Su un registro non troppo lontano “How To Fight Loneliness” e la conclusiva “In A Future Age”, mentre su “A Shot in The Arm”, altro futuro classico live, si porta a compimento l’equilibrio precario tra le parole amare, quasi abrasive di Tweedy e l’andamento pop energico, sporcato da un poco di inedita elettronica.

“Summerteeth” è anche indubbiamente l’album di Jay Bennett: coautore di quasi tutti i brani, è lui che sperimenta arrangiamenti stratificati e quasi barocchi al computer, che infarcisce i suoni di sintetizzatori analogici e infila il mellotron dove la pedal steel guitar sarebbe stata la scelta “naturale” (ascoltate ad esempio “She’s a Jar”). Giocando sempre sul filo dell’eccesso, su “Pieholden Suite” gareggia con sé stesso nel cambiare registro quante più volte in poco più di 3 minuti. Jeff Tweedy sembra aver trovato con Bennett un sodalizio autoriale proficuo, il perno che i Wilco andavano cercando nei frequenti cambi di formazione e nelle “crisi di identità” che scandiscono i loro primi anni di carriera. Non durerà: nubi scure si addensano nell’orizzonte personale e artistico dei due.

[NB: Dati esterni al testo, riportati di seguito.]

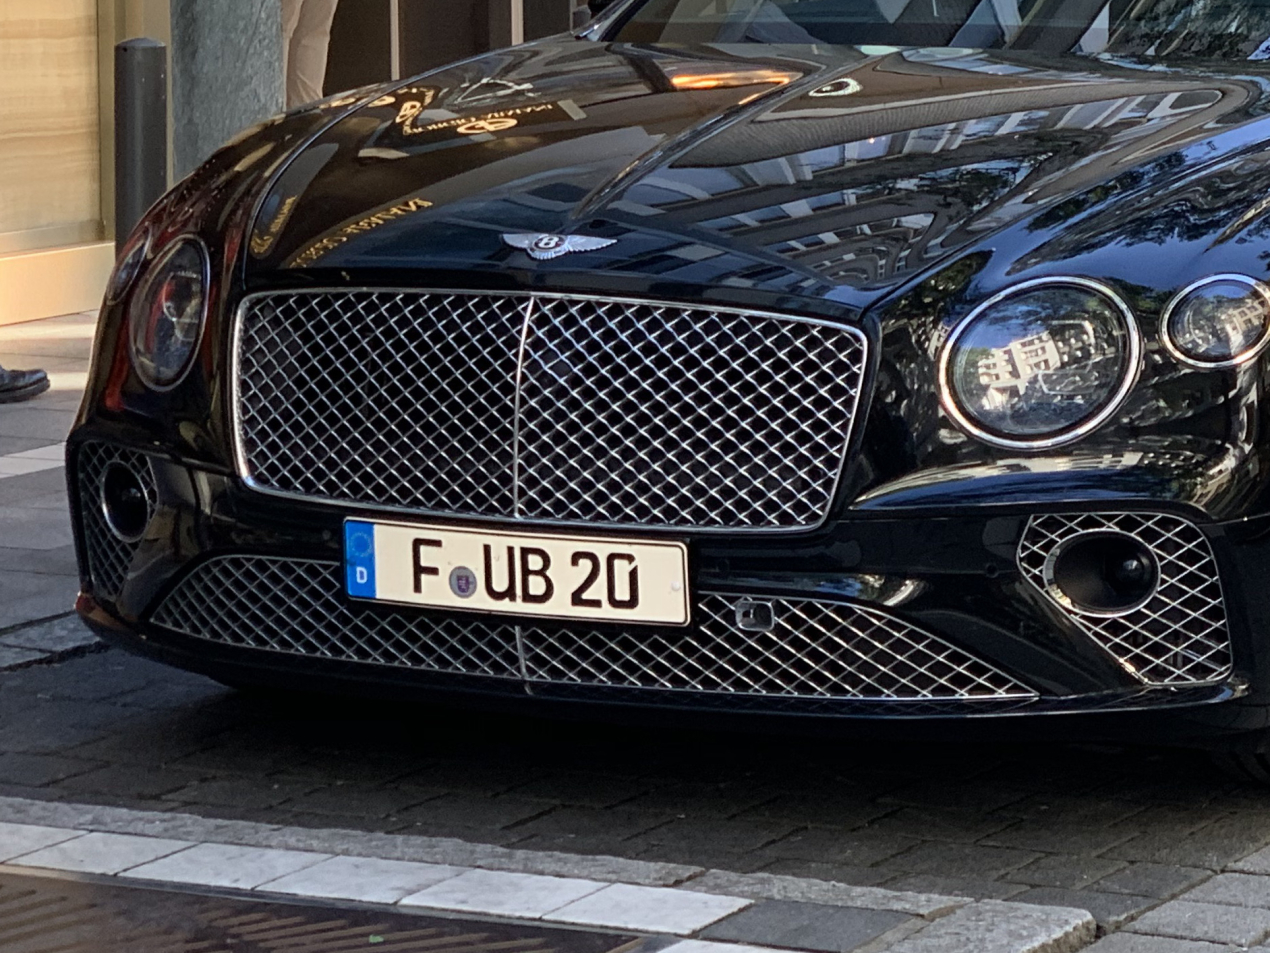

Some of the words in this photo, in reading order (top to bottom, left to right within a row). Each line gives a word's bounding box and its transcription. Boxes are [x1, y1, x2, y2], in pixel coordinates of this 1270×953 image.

Per il momento, “Summerteeth” rappresenta un grande traguardo per il binomio Tweedy-Bennett e un nuovo apice nella carriera della band. I Wilco sono finalmente usciti dal bozzolo: hanno dimostrato di poter trovare una propria via oltre l’alt-country con una cifra stilistica che non ha più paragoni nella loro scena di provenienza. Il nuovo orizzonte è quello delineato da gente come Flaming Lips o Mercury Rev: sul finire del decennio ‘90 i figli della nazione alternativa americana sembrano voler uscire dall’estetica slacker per andare alla ricerca di una neoclassicità rock alternativa, contemporaneamente nostalgica e figlia delle nuove tecnologie digitali e delle loro infinite possibilità di bricolage. Per i Wilco post-”Summerteeth” si aprono mille possibilità, the sky is the limit: ma per reinventarsi nuovamente rischieranno di precipitare agli inferi.